The name Keith Kennedy may not be familiar to many people, but his story is.
The 25-year-old with autism walked away from a camp near Grantsburg, Wis., last June. He was missing for seven days before being found lying in brush less than a mile away.
“There are few worse feelings for a parent than your child being missing,” his father, Bruce, told the House Public Safety Policy and Oversight Committee March 3.
Hundreds of volunteers and law enforcement personnel searched for Keith, whose communication skills are extremely limited. The cost of the search was in the $300,000-$400,000 range, Bruce Kennedy said.
A bill sponsored by Rep.

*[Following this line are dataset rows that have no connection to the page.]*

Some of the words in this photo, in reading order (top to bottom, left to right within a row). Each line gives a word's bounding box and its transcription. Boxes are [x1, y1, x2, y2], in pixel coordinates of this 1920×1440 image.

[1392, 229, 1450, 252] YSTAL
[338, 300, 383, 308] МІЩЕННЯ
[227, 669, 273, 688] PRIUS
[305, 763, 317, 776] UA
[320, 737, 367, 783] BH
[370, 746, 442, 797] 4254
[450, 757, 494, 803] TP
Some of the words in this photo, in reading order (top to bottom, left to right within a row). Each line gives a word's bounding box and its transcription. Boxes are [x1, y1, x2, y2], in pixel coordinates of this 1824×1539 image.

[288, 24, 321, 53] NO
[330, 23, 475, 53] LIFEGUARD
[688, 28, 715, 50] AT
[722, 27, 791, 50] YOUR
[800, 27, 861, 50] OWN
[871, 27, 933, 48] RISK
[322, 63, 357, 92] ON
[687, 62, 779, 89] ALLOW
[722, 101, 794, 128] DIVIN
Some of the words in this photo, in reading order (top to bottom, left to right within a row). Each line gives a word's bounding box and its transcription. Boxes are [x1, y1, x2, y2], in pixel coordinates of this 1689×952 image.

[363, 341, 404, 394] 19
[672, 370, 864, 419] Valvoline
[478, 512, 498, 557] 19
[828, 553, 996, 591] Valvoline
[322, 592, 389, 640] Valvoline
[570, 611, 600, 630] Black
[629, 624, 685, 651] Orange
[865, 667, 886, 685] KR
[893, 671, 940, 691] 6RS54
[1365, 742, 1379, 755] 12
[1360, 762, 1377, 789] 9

Andy Welti (DFL-Plainview) would make strides towards ensuring that no family has to go through Kennedy’s experience.
HF622 would establish a voluntary statewide advisory task force within the Department of Public Safety to administer a lifesaver response grant program. Funds would come from the state or private donations.
Counties alone or counties paired with local units of governments would be able to apply for grants that could only be used for an emergency response kit and training. The recipients would pick up operational costs.
The programs are designed to quickly find individuals who go missing and have medical conditions, such as Alzheimer’s disease, dementia or autism. “Lives will be saved, fewer families will grieve over a death of a child, parent or grandparent. Time spent searching for missing individuals will be greatly reduced,” Welti said.
Approved by the committee, it is headed to the House State and Local Government Operations Reform, Technology and Elections Committee. A companion, SF1138, sponsored by Senate Minority Leader David Senjem (R-Rochester), awaits action by the Senate Judiciary Committee.
Brad Trahan, co-founder of the RT Autism Awareness Foundation in Rochester, showed a transponder bracelet — about the size of a wristwatch — that a person wears. “Each has a frequency that you can track up to one mile on the ground or up to 10 miles in the air,” he said. Using a tracking device, authorities plug in to the frequency. On average, people are found in less than 30 minutes. Since a program in Olmsted County began in April 2007, 50 people have signed up. There were eight calls last year.